Wednesday, August 1, 4:00-4:30, SUB Ballroom B, Theme: Community

Our presentation focuses on the ways rural teachers in Finland use local contents in their teaching. The Finnish national core curriculum, drawn up by the Finnish National Agency for Education, frames the objectives of different subjects and planning of the contents of teaching. It includes e.g. pupil assessment, the principles of good learning environment, pupil welfare, and educational guidance. National curriculum serves as a basis for the local curricula. The idea is to enhance equality in education throughout the country. The latest core curriculum for pre-primary and basic education was introduced in 2014. Since then, the municipalities have drawn up local curricula, which steer instruction and schoolwork in more detail, taking local needs and perspectives into consideration.

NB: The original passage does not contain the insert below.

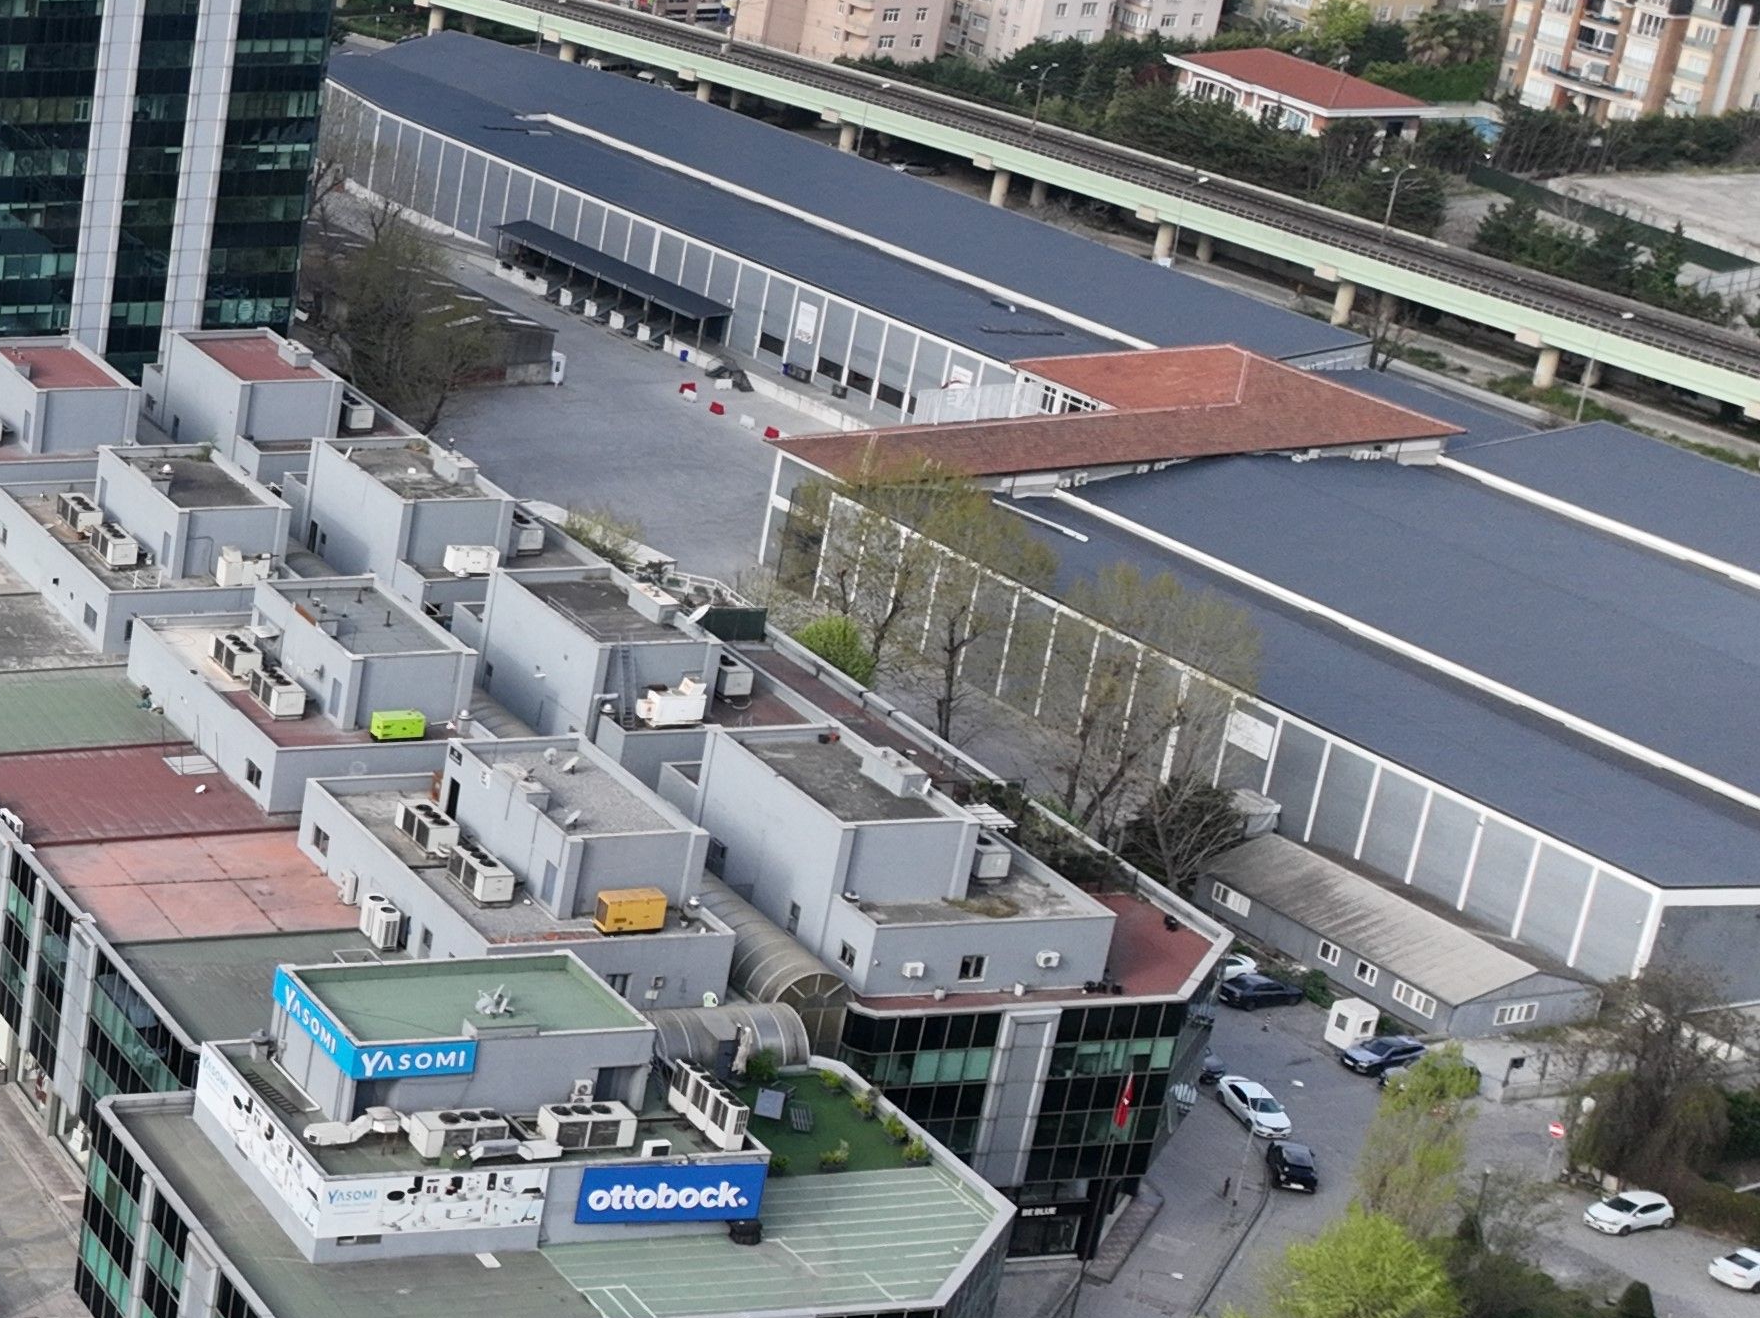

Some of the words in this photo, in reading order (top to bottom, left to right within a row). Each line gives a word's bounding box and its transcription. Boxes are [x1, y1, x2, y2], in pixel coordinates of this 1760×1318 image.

In rural municipalities, individual subject teachers are responsible for the local adjustments. Teachers are required to hold a master’s degree and they are allowed an extensive pedagogic freedom in their work. In our case study, we interviewed 21 rural teachers and asked them about their thoughts and reflections on using local contents in their teaching. Teachers’ role in implementing local contents is central. Their interest in the matters of local community is a key factor, but their background and the length of teaching experience also seem to influence the use of local contents. Teachers discussed the tension between implementing local contents and excluding children from the possibilities of the world. Balancing these two demands was considered a difficult task. Teachers’ workload does not always give an opportunity to use local contents in teaching.